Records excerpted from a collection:
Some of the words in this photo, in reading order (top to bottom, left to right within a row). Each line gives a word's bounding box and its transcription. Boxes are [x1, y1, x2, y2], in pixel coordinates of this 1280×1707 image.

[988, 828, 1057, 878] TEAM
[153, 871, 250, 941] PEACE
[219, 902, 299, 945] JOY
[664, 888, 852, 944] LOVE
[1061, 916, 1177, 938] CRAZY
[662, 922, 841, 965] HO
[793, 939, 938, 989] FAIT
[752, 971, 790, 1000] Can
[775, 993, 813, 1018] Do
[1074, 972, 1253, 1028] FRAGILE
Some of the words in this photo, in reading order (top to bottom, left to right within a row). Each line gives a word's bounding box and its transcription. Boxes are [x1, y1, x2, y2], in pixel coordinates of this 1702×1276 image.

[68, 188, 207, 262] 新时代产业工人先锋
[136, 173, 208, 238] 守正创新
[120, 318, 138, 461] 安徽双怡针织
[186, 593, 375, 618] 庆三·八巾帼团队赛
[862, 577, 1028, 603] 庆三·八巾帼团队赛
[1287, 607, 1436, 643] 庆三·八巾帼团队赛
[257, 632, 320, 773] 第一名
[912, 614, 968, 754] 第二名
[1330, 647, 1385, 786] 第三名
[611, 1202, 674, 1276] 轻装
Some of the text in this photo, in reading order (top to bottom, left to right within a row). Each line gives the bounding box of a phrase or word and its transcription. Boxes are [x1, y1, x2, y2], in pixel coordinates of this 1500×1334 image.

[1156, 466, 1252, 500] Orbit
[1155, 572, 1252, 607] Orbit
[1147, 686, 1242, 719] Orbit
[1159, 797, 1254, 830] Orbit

INSTRUCTIONS FOR THE TASK:
The complete data above is to be written out again as it stands.

SOLUTION:
Some of the words in this photo, in reading order (top to bottom, left to right within a row). Each line gives a word's bounding box and its transcription. Boxes are [x1, y1, x2, y2], in pixel coordinates of this 1280×1707 image.

[988, 828, 1057, 878] TEAM
[153, 871, 250, 941] PEACE
[219, 902, 299, 945] JOY
[664, 888, 852, 944] LOVE
[1061, 916, 1177, 938] CRAZY
[662, 922, 841, 965] HO
[793, 939, 938, 989] FAIT
[752, 971, 790, 1000] Can
[775, 993, 813, 1018] Do
[1074, 972, 1253, 1028] FRAGILE
Some of the words in this photo, in reading order (top to bottom, left to right within a row). Each line gives a word's bounding box and its transcription. Boxes are [x1, y1, x2, y2], in pixel coordinates of this 1702×1276 image.

[68, 188, 207, 262] 新时代产业工人先锋
[136, 173, 208, 238] 守正创新
[120, 318, 138, 461] 安徽双怡针织
[186, 593, 375, 618] 庆三·八巾帼团队赛
[862, 577, 1028, 603] 庆三·八巾帼团队赛
[1287, 607, 1436, 643] 庆三·八巾帼团队赛
[257, 632, 320, 773] 第一名
[912, 614, 968, 754] 第二名
[1330, 647, 1385, 786] 第三名
[611, 1202, 674, 1276] 轻装
Some of the text in this photo, in reading order (top to bottom, left to right within a row). Each line gives the bounding box of a phrase or word and its transcription. Boxes are [x1, y1, x2, y2], in pixel coordinates of this 1500×1334 image.

[1156, 466, 1252, 500] Orbit
[1155, 572, 1252, 607] Orbit
[1147, 686, 1242, 719] Orbit
[1159, 797, 1254, 830] Orbit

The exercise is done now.